Le ciel était constamment bleu. D’invisibles alouettes grisolaient sans cesse au-dessus de la ville silencieuse. Parfois, un fiacre qui transportait un étranger cahotait de l’hôtel à la gare sur le pavé inégal. Parfois, on percevait le trot des deux chevaux attelés à la voiture qui promenait M. de Winternigg à travers la grand-rue, du nord au sud, entre le château de ce grand propriétaire terrien et son pavillon de chasse.

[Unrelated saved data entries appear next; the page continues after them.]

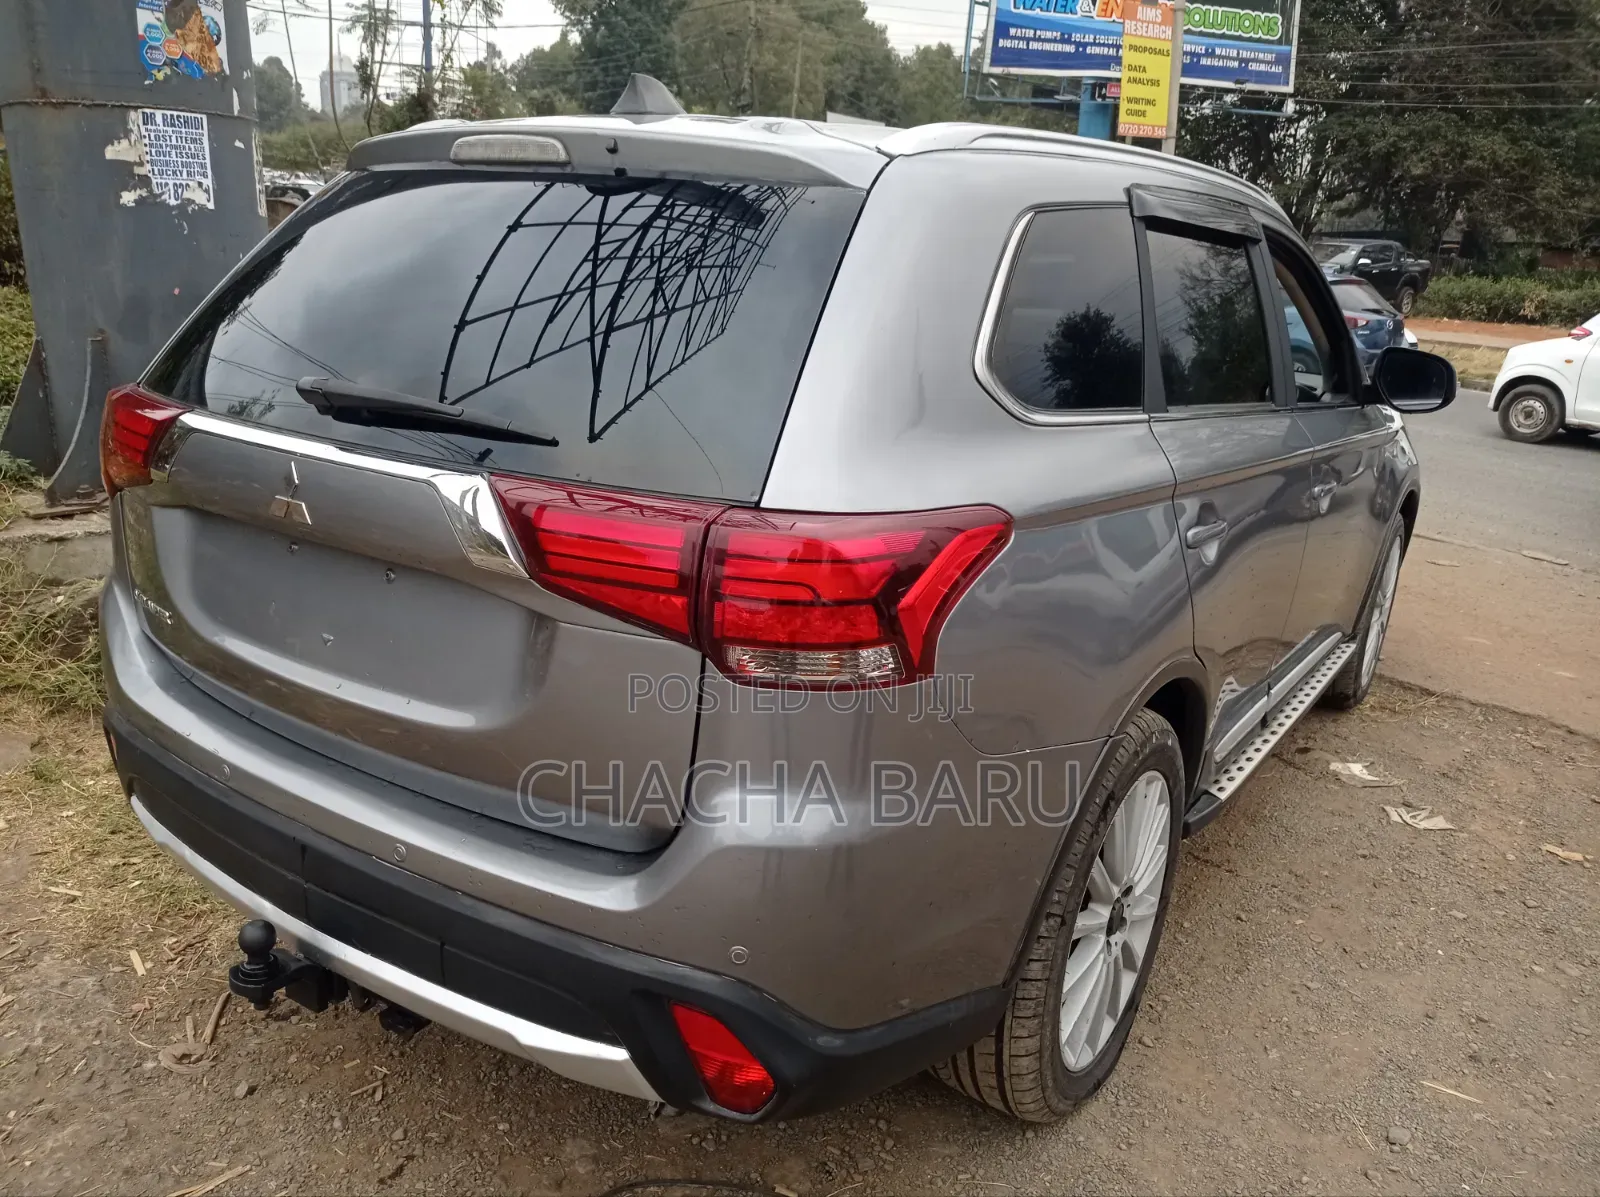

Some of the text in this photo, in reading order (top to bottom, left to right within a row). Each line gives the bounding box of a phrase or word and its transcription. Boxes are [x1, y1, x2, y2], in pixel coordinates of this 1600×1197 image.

[1136, 6, 1162, 22] AIMS
[1009, 27, 1034, 37] WATER
[1036, 30, 1061, 40] PUMPS
[1071, 33, 1094, 43] SOLAR
[1124, 19, 1172, 40] RESEARCH
[998, 38, 1027, 49] DIGITAL
[1029, 41, 1075, 53] ENGINEERING
[1086, 45, 1117, 56] GENERAL
[1128, 44, 1170, 57] PROPOSALS
[1183, 44, 1276, 62] ERVICE WATER TREATMENT
[1128, 64, 1147, 73] DATA
[1248, 62, 1283, 72] CHEMICALS
[1127, 76, 1160, 87] ANALYSIS
[1126, 96, 1156, 107] WRITING
[1125, 108, 1147, 117] GUIDE
[142, 111, 204, 131] DR. RASHIDI
[1120, 123, 1138, 135] 0720
[1139, 125, 1153, 135] 270
[148, 133, 204, 146] LOST ITEMS
[165, 144, 187, 152] POWER
[149, 150, 207, 161] LOVE ISSUES
[150, 158, 180, 169] BUSINESS
[152, 168, 209, 179] LUCKY RING
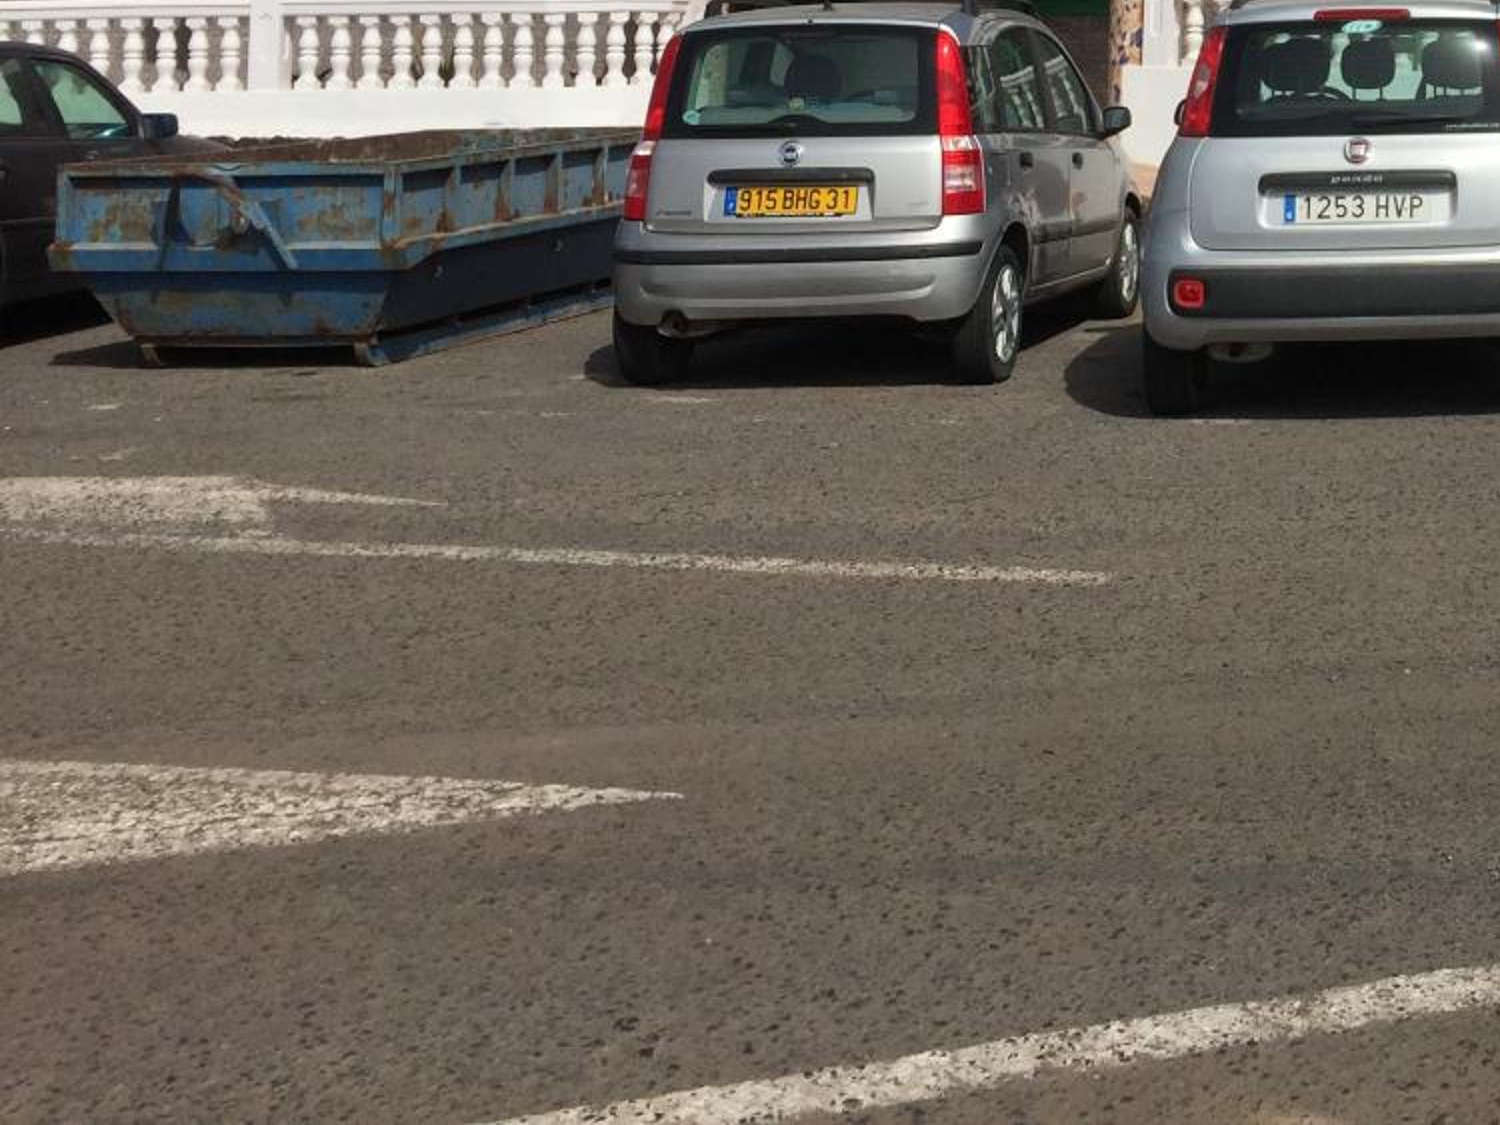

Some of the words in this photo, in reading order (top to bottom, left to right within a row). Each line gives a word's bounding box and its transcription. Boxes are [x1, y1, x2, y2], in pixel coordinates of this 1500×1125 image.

[739, 188, 777, 211] 915
[781, 188, 821, 210] BHG
[825, 188, 850, 210] 31
[1303, 194, 1366, 220] 1253
[1375, 194, 1424, 219] HVP

Petit vieillard parcheminé enveloppé dans une grande couverture jaune, avec une toute petite tête momifiée, M. de Winternigg passait dans sa calèche. Il passait dans la plénitude de l’été, telle une piteuse survivance de l’hiver. Sur de hautes roues caoutchoutées, élastiques et silencieuses, dont les délicats rayons, peints en brun, reflétaient le soleil, il passait directement de son lit à sa richesse campagnarde. Les vastes forêts sombres et les gardes blonds habillés de vert l’attendaient déjà. Les habitants de la ville le saluaient. Il ne leur répondait pas. Il franchissait impassiblement un océan de saluts. Son cocher se tenait tout en haut, raide comme un I dans sa livrée noire, son haut-de-forme touchait presque les têtes des marronniers ; le fouet caressait en souplesse l’échine des chevaux bais et, à intervalles réguliers, les lèvres closes du cocher livraient passage à un claquement sec, plus sonore que le trot des chevaux, qui ressemblait à un mélodieux coup de fusil.

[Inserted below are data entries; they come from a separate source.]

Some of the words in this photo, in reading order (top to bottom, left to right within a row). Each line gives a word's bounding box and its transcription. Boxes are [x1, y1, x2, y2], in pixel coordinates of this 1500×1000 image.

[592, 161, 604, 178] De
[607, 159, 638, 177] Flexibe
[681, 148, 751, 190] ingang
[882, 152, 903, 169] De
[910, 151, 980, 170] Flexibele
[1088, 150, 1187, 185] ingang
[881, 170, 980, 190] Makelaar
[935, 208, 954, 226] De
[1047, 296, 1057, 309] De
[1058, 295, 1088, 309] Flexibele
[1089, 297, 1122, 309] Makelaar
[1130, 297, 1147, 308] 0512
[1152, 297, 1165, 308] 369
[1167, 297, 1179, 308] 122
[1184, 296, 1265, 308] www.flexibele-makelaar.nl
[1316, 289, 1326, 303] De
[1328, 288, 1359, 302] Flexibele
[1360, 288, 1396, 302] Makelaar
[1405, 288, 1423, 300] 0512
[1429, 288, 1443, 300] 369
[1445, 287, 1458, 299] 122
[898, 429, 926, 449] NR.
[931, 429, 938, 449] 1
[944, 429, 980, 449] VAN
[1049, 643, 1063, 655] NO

C’est alors que commençaient les vacances. À quinze ans, Charles-Joseph von Trotta, fils du préfet, élève à l’école de cavalerie de Mährisch-Weisskirchen, avait l’impression que sa ville natale était un lieu estival. C’était la patrie de l’été comme c’était sa propre patrie. À Noël et à Pâques, il était invité chez son oncle. Il ne venait chez lui qu’aux grandes vacances. Le jour de son arrivée était toujours un dimanche. Conformément à la volonté de son père, M. le préfet, François, baron von Trotta et Sipolje, quel que fût le jour qui marquait le début des vacances à l’école, chez lui, elles avaient toujours à commencer un dimanche. Le dimanche, M. von Trotta et Sipolje n’était pas de service. Toute sa matinée, de neuf heures à midi, était réservée à son fils. Un quart d’heure après la première messe, le jeune homme se tenait ponctuellement devant la porte de son père, en tenue dominicale. À neuf heures moins cinq, Jacques descendait l’escalier, dans sa livrée grise, et disait :
– Monsieur, voilà Monsieur votre papa qui arrive.

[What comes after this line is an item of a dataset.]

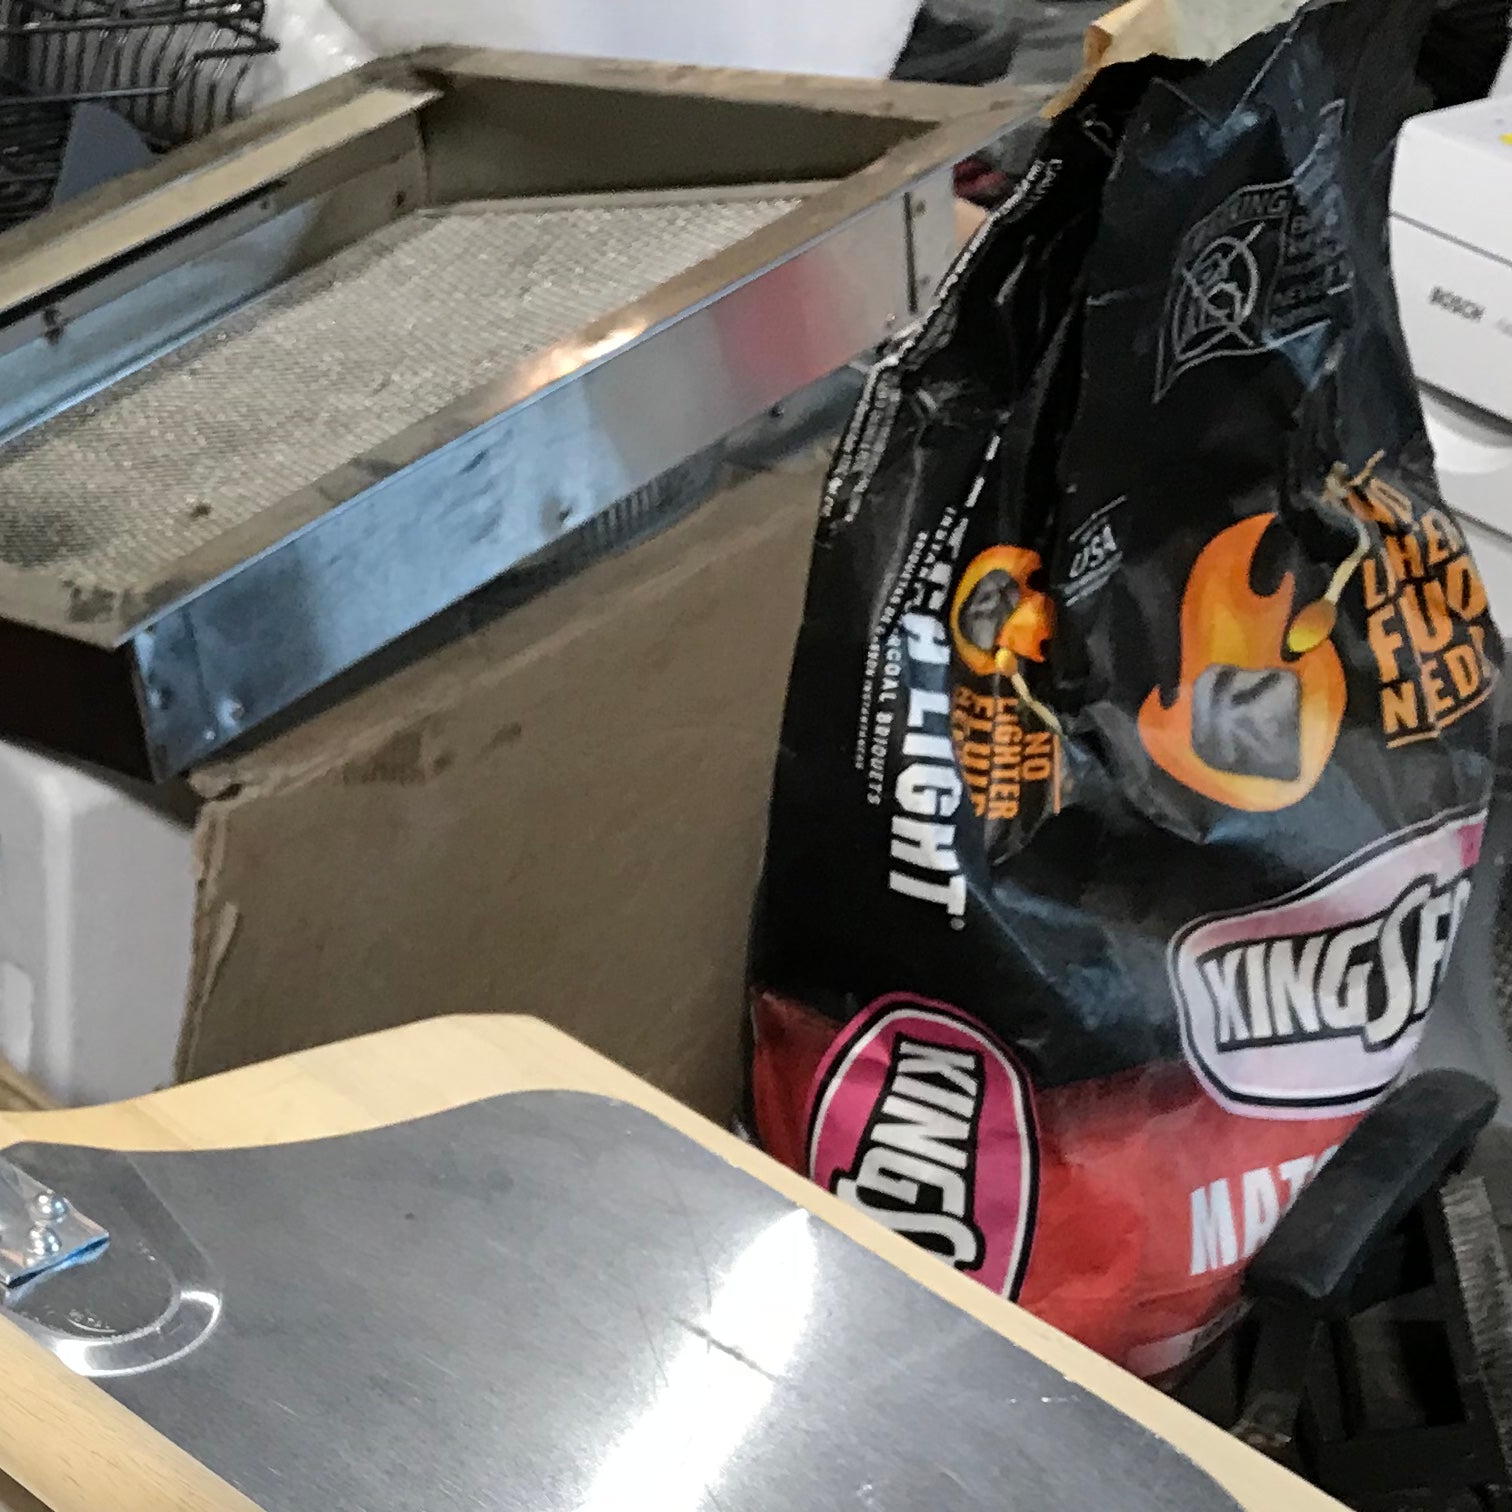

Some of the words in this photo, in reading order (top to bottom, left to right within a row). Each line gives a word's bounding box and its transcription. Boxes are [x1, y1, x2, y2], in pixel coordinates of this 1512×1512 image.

[1429, 286, 1485, 321] BOSCH
[1069, 525, 1117, 578] USA
[986, 696, 1024, 820] LIGHTER
[1023, 731, 1052, 781] NO

Charles-Joseph tirait une fois de plus sur sa tunique, rectifiait son ceinturon, prenait son képi à la main et l’appuyait réglementairement contre sa hanche. Le père arrivait, le fils joignait ses talons dont le claquement retentissait dans la vieille maison silencieuse. Le vieil homme ouvrait la porte et cédait le pas à son fils avec un petit salut de la main. Le jeune homme ne bougeait pas, il ne prenait pas note de l’invitation. Le père entrait donc. Charles-Joseph le suivait et s’arrêtait sur le seuil.